Date: April 25
April mileage: 662.2
My housemate and I have agreed to shut off the heat as a way to conserve energy in this time of electricity famine. Although it's spring now and the weather has been really nice this week, the temperatures still drop into the low 30s at night and our northeast-facing apartment doesn't see much direct sunlight. The whole house has this icebox feel to it. The last time I walked by the thermostat, it read 57 degrees. I was really, really tempted to turn it up. But instead, I headed back out on my Pugsley for a little trail time after riding nearly 50 miles earlier today. Having no heat is actually a great motivator to get out. Cycling is still the best way to stay warm.

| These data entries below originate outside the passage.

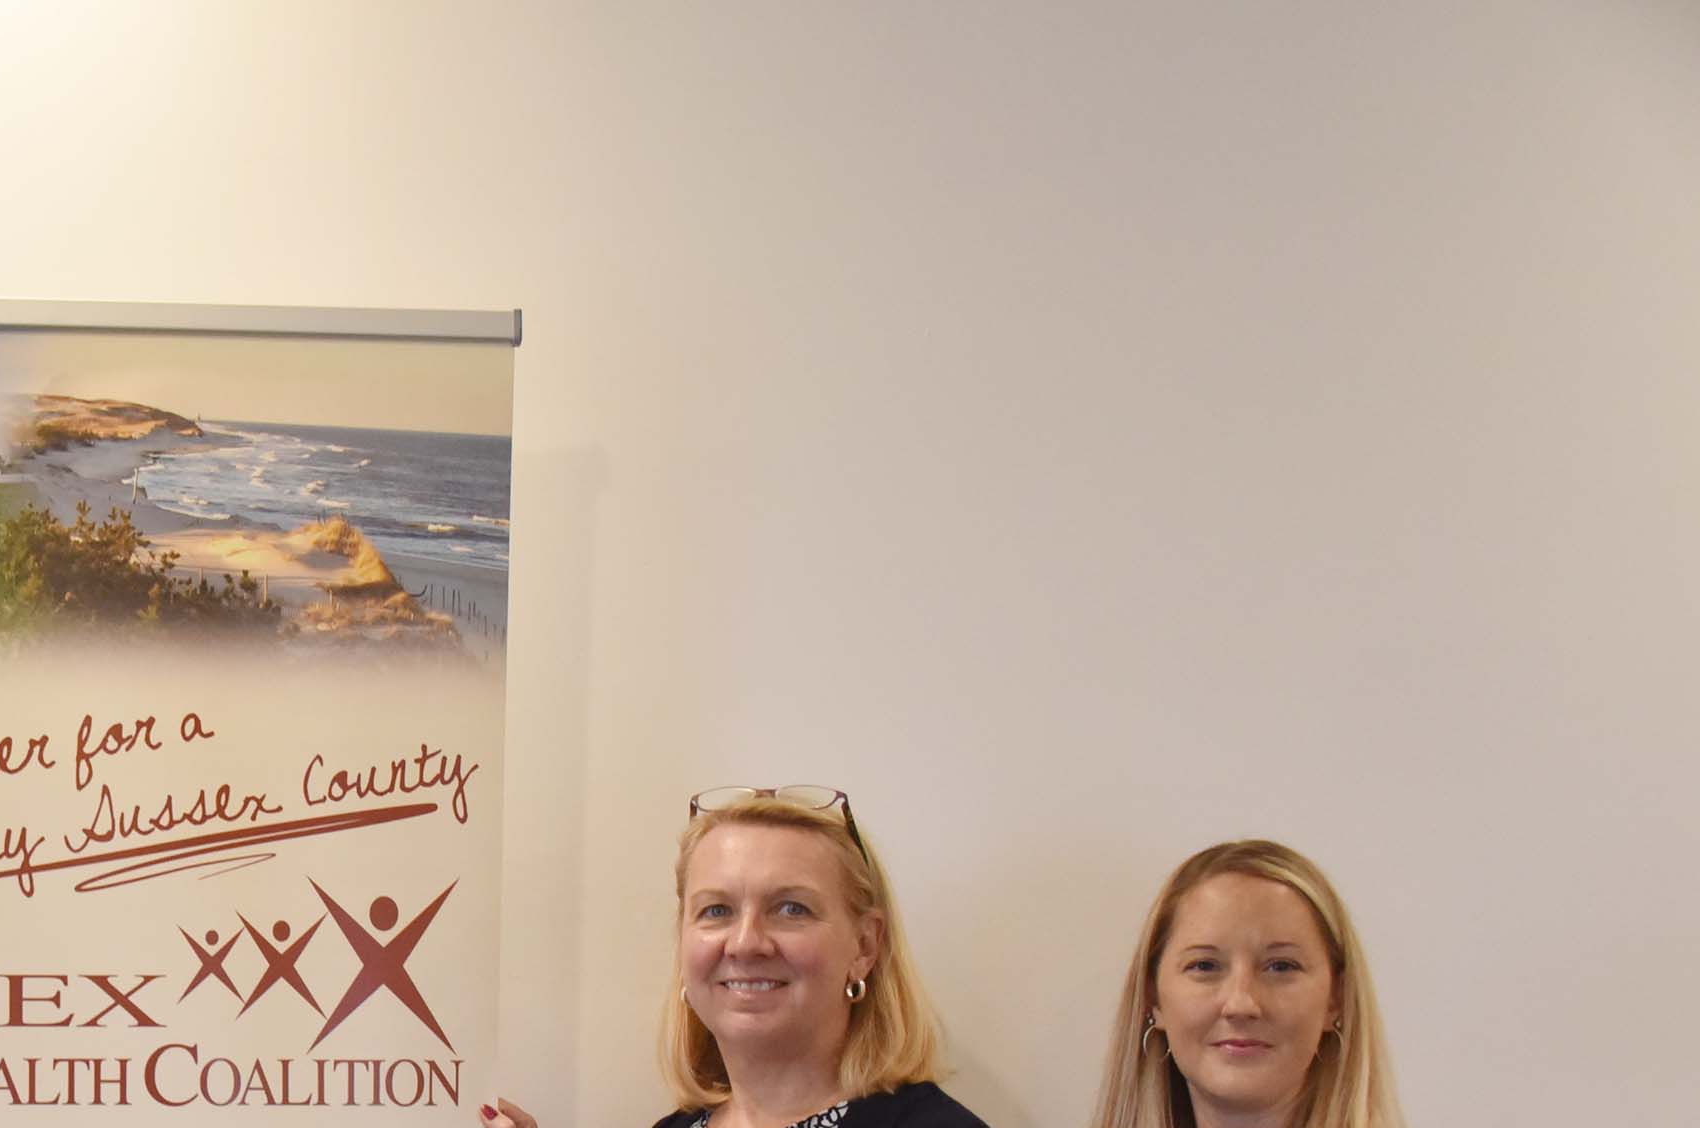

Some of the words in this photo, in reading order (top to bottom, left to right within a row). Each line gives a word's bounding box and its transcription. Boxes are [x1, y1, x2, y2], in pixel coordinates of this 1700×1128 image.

[75, 714, 163, 791] for
[180, 712, 215, 742] a
[64, 784, 284, 853] Sussex
[302, 744, 480, 824] County
[144, 1039, 464, 1108] COALITION

Right now in Juneau, saving energy is on everyone's mind. The prospect of having your electric bill increase fivefold will do that. The electric company recently reported that in a week's time, Juneau's energy use dropped 20 percent. It continues to drop more every day. People are making a conscious effort to turn off lights and appliances. They're hanging clotheslines in their living rooms (Drying clothes outside is rarely feasible in Juneau, although it has been possible this week.) My housemate and I went through and unplugged most of the cords in our house. Since I dislike cooking anyway, I happily stick to my salads and sandwiches and leave the stove turned off. We keep the refrigerator on - it seems like a luxury now. As does the computer, although it's off a lot longer these days.
It actually feels good to make these little sacrifices. Not because we're saving a ton of money (although, with the heat turned off, we are.) And not because we're staving off the burning of emissions-spewing fuel (although I do feel strongly about doing my part, I have my fair share of pessimism in this regard.) No, giving up a few electric luxuries feels good because it makes me feel more self-sufficient. I don't need electric heat to survive. I wouldn't even need it if it were winter - I'd pull out my -40 degree sleeping bag, my down jacket, my boots, my coats. There must be a reason I own all of that stuff beyond the agony of winter camping. It's survival gear, and I cherish it, because it means I'm free.

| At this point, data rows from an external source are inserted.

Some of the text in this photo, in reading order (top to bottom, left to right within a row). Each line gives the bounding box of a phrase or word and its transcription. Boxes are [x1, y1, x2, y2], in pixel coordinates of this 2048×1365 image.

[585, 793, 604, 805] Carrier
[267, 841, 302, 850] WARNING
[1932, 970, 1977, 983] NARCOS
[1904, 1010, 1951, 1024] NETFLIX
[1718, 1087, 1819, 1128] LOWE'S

That's also the same reason I've resolved to become a more dedicated bike commuter. I was much too dependent on my car, even though I mainly used it as a way to travel to work in dignity (i.e. not showing up at the office wind-blasted, grit-coated and dripping rainwater.) But the truth is, I can duck into the bathroom, change my clothes, blow-dry my hair, and still walk up the stairs in dignity. It really was just an excuse to justify my car dependency. But eventually (and probably soon) that car is going to break down for good, and I'd like to believe I don't need to replace it. Because if I'm free to not own a car, I'm free to divert more of my time and income into the things I truly enjoy. So, yes, I'm aiming to go car-free for completely selfish reasons.

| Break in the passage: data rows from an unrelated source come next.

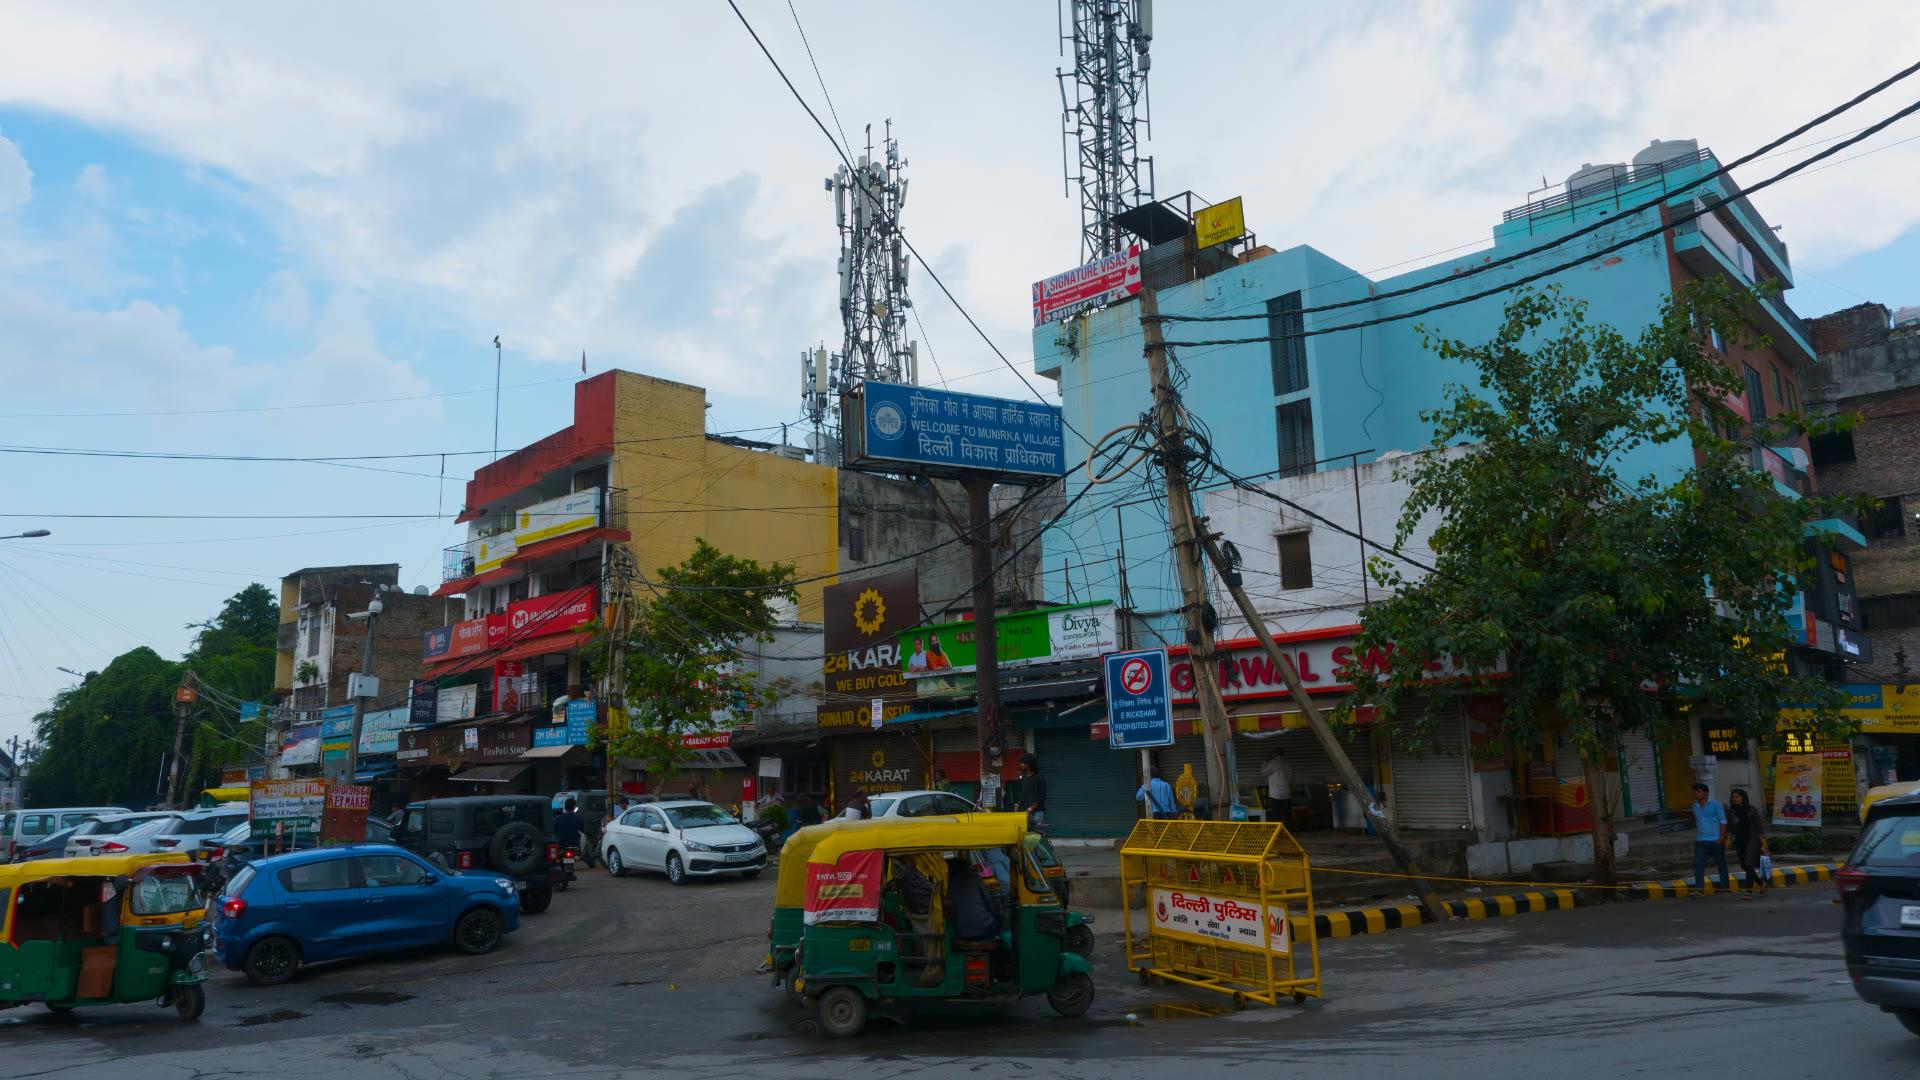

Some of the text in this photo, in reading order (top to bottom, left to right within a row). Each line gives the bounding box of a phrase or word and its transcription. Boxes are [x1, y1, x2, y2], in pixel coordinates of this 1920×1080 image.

[1049, 251, 1128, 291] SIGNATURE VISAS
[910, 390, 939, 418] मुनिरका
[972, 404, 997, 422] आपका
[1002, 402, 1025, 426] हार्दिक
[1028, 411, 1051, 428] स्वागत
[911, 420, 1061, 447] WELCOME TO MUNIRKA VILLAGE
[917, 433, 1056, 469] दिल्ली विकास प्राधिकरण
[1063, 616, 1100, 633] Divya
[824, 645, 902, 674] 24KARA
[1170, 653, 1318, 691] GRWL
[836, 672, 907, 692] WE BUY GOLD
[1120, 709, 1157, 720] E RICKSHAW
[1114, 720, 1165, 731] PROHIBITED ZONE
[1708, 729, 1721, 739] WE
[688, 735, 729, 746] RAILWAY CUET
[848, 768, 911, 784] 24KARAT
[328, 796, 369, 808] KEY MAKER
[1171, 892, 1257, 921] दिल्ली पुलिस
[1206, 920, 1220, 929] सेवा
[1238, 927, 1257, 937] न्याय

I really believe that the less dependent I am on things, the happier I can be. Of course I still have things I can't live without - my bicycles, my cats, my -40 degree sleeping bag, the poisonous cans of Diet Pepsi that I suckle with reckless abandon. I'm not aiming for extremes. I'm just trying to strike a balance between owning nothing and being owned by things ... a happy place, more freedom to move, more space to live.